Co-profiling of in situ RNA-protein interactions and transcriptome in single cells and tissues [bulk RNA-seq]

RNA-binding proteins (RBPs) are essential regulators of RNA fate and function. A long-standing challenge in studying RBP regulation has been mapping RNA interactomes within the dynamic transcriptomic landscape, especially in single-cell contexts and primary tissues. Here we introduce MAPIT-seq (modification added to RBP interacting transcript-sequencing), which uses an antibody-directed editing strategy to map genome-wide in situ RBP–RNA interactions and gene expression concurrently. We demonstrate MAPIT-seq's robustness across multiple RBPs and systematically analyze RNA substrates associated with core polycomb repressive complex 2 (PRC2) components. MAPIT-seq is also applicable to frozen tissue sections, enabling the mapping of RBP roles during brain development. Importantly, we develop high-throughput single-cell MAPIT-seq (scMAPIT-seq) to reveal cell stage-specific RBP regulation. In summary, MAPIT-seq expands multi-omics profiling, providing an effective framework to study post-transcriptional regulation in dynamic biological processes and clinically relevant scenarios.

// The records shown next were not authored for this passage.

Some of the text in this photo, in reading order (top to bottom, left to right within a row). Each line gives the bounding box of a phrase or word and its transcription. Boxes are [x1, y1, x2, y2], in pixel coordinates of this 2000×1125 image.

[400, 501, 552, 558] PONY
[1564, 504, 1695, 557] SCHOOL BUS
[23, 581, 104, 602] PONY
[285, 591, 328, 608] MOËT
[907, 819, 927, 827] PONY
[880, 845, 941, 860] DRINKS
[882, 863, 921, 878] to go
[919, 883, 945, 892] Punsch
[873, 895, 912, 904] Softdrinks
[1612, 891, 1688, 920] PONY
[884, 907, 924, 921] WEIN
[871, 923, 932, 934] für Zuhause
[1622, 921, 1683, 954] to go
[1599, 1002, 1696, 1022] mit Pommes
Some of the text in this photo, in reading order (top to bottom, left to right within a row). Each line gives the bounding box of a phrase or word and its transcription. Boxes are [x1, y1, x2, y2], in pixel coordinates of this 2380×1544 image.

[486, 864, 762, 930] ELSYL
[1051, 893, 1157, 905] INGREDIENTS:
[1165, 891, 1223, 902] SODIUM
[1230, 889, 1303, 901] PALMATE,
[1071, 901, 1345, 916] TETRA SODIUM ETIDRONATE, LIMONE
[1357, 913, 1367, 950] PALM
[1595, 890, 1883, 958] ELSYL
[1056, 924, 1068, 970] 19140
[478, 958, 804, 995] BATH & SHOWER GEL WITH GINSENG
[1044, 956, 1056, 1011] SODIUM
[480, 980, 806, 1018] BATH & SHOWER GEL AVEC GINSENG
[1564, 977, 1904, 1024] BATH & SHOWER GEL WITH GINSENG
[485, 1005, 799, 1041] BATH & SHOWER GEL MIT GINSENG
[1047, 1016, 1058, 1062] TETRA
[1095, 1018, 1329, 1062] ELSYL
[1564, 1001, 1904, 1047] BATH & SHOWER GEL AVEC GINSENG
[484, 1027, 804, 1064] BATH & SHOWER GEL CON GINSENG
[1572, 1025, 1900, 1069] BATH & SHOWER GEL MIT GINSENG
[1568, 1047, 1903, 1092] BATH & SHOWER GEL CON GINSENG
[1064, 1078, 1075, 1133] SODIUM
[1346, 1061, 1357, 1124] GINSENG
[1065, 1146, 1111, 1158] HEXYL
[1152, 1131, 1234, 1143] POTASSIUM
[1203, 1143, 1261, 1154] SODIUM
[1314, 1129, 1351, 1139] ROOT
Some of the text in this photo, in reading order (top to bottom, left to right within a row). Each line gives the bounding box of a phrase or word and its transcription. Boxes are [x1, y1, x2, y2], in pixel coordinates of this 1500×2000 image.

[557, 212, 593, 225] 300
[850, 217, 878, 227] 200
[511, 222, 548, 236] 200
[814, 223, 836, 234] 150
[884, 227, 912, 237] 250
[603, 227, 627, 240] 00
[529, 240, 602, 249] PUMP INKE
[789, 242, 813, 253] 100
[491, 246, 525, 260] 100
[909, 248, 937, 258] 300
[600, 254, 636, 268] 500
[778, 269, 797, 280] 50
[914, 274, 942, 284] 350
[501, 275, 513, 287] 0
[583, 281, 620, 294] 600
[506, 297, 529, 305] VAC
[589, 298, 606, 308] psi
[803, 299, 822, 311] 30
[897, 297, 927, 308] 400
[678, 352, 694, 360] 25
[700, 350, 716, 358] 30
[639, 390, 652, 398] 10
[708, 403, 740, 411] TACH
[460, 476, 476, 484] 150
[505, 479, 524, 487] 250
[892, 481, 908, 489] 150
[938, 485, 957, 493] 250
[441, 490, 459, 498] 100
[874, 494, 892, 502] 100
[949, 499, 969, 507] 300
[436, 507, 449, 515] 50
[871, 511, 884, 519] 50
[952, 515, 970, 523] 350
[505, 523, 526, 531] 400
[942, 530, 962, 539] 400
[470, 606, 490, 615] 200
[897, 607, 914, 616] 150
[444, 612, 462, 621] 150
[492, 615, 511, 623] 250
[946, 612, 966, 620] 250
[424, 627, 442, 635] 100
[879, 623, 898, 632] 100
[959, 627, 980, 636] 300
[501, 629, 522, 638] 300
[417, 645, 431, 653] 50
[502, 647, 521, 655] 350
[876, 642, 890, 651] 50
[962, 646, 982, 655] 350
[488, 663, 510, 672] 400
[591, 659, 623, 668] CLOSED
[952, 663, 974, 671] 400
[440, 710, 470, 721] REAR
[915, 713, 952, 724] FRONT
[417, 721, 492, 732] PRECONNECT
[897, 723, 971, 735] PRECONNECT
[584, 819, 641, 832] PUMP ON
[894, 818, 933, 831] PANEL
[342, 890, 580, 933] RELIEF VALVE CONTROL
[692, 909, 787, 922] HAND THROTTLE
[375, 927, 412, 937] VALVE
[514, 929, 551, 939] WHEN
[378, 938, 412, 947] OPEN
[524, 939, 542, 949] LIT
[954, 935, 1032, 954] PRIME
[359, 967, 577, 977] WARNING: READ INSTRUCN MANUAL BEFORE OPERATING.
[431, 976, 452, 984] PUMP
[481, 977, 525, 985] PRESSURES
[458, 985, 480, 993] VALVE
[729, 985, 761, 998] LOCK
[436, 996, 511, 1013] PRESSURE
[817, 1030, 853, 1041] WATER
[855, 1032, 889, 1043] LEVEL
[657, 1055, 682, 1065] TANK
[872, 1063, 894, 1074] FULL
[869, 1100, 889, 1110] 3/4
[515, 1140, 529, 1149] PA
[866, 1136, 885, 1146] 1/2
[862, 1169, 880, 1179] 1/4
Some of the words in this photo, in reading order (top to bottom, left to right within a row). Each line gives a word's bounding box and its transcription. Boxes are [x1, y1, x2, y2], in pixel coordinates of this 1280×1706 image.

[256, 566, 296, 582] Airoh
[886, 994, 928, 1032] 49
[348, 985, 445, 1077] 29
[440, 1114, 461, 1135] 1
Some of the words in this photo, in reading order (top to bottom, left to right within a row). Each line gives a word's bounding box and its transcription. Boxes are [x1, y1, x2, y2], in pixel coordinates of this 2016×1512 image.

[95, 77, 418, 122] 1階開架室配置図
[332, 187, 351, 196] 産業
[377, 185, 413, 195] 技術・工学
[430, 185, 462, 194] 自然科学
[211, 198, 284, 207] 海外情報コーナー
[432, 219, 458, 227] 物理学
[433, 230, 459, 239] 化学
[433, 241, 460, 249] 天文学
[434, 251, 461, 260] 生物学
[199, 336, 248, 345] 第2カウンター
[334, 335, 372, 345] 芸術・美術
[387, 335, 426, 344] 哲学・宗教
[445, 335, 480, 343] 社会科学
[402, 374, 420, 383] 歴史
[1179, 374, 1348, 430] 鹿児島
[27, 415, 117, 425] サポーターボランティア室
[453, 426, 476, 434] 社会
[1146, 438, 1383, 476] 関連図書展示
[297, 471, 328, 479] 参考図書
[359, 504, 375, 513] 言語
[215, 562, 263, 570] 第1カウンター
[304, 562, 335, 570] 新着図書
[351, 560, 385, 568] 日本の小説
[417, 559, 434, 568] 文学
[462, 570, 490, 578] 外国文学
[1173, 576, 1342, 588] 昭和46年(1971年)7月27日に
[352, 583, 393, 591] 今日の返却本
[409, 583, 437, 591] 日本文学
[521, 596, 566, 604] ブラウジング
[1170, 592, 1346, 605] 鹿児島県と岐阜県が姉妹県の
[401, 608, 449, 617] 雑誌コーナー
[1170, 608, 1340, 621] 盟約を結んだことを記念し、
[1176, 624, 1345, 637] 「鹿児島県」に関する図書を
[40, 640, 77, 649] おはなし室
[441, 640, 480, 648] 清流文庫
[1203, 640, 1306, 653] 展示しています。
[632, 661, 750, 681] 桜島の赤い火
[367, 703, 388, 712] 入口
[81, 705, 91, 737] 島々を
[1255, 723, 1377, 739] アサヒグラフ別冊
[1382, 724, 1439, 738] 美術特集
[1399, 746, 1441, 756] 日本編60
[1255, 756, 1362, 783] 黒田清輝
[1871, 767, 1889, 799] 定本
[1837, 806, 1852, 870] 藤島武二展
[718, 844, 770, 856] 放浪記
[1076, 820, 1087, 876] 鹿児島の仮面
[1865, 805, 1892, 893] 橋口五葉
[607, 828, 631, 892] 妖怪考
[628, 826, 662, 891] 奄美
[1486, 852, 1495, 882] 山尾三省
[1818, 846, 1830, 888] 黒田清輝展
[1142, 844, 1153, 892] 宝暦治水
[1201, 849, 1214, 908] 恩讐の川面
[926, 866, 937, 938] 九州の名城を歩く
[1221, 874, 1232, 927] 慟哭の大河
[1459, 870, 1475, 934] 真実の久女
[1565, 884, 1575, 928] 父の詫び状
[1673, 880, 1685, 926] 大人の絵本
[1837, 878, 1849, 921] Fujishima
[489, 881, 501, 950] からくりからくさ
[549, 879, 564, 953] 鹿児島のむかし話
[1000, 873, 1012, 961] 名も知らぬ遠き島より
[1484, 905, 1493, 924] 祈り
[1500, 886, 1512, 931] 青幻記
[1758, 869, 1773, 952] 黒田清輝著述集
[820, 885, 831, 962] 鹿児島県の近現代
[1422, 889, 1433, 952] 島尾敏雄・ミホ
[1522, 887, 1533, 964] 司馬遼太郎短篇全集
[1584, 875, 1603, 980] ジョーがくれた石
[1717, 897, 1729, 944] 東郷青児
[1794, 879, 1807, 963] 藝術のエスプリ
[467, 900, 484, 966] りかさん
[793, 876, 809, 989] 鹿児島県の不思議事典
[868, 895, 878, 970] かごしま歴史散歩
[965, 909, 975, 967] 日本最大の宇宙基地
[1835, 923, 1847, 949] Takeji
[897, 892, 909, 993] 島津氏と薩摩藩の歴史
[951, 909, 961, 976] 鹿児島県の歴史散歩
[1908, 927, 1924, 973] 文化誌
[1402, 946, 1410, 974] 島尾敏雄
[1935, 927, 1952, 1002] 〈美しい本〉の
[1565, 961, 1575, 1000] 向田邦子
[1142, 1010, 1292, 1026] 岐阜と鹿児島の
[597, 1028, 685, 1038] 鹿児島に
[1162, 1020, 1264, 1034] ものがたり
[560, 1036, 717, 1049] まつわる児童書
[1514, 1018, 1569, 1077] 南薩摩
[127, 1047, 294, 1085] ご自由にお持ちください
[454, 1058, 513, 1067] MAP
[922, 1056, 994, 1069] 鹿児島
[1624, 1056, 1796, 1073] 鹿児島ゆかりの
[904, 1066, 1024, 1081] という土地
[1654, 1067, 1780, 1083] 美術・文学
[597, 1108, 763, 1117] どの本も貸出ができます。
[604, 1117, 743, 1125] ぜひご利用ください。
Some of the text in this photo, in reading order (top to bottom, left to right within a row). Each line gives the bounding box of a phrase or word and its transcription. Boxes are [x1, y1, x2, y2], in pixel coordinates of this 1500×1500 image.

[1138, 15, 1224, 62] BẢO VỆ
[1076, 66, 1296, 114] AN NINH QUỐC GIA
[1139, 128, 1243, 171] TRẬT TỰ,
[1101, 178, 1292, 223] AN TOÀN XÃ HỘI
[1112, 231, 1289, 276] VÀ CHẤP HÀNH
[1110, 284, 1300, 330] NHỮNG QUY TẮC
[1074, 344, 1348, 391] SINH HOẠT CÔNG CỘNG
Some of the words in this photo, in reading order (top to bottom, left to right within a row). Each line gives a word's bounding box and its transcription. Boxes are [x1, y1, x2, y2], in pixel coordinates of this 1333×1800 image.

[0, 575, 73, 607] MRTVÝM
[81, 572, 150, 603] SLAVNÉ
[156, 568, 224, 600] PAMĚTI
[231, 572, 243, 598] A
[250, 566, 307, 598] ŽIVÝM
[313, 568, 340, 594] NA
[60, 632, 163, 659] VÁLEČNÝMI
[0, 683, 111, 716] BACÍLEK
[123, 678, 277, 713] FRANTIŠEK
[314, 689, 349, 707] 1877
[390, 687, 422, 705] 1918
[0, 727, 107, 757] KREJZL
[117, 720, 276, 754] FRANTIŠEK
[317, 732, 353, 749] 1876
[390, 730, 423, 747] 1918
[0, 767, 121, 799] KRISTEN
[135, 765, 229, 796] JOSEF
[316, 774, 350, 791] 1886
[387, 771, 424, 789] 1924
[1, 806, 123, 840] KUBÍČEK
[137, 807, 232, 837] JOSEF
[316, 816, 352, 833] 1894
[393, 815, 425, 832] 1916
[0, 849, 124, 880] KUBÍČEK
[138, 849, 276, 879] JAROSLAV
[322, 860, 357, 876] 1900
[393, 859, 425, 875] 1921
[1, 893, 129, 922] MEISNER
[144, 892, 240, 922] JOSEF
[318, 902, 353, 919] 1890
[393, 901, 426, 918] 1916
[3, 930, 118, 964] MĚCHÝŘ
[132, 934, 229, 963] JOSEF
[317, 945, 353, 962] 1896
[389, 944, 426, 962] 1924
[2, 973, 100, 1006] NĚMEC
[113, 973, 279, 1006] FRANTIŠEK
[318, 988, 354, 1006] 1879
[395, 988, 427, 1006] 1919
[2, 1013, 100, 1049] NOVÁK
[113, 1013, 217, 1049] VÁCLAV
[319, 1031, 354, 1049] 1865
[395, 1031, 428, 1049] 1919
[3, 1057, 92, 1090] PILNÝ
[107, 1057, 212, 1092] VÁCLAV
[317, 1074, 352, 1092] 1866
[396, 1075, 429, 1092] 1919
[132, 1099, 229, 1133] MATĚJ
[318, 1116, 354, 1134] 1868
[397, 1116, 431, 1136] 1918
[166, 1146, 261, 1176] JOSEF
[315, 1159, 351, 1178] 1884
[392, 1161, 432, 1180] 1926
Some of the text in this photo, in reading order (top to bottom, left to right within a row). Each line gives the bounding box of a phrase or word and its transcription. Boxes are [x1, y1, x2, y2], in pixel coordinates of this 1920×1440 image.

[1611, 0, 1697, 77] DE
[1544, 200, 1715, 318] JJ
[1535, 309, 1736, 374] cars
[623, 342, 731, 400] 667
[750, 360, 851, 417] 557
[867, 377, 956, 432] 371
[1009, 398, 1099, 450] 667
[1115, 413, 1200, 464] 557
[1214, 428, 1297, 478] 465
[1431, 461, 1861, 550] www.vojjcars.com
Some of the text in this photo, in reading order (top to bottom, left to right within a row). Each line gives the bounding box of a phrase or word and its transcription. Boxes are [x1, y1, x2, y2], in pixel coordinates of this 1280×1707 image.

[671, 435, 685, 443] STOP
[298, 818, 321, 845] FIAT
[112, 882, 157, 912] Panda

Overall design: We developed Modification Adjacent to RNA-binding Protein Interaction Targets Sequencing (MAPIT-seq), a versatile method for in situ RNA-protein interaction profiling. Initial validation was performed in YTHDF2-FLAG-overexpressing HeLa cells, followed by optimization for target detection of endogenous protein G3BP1 in HEK293T cells. We refined formaldehyde crosslinking conditions and pAG-deaminase constructs to enhance specificity and sensitivity. Then, we evaluated its general applicability by extending to additional canonical RBPs and further selected RBFOX2 and PUM1, two RBPs with well-defined recognition sequences, for an in-depth evaluation of MAPIT-seq resolution. Demonstrating remarkable sensitivity, we scaled MAPIT-seq down to 500 cells, a 1000-fold reduction from the initial 500,000-cell protocol. We further advanced the technique to a high-throughput single-cell format, uncovering cell cycle-specific G3BP1 targets and revealing heterogeneity in RNA-protein interactions at single-cell resolution.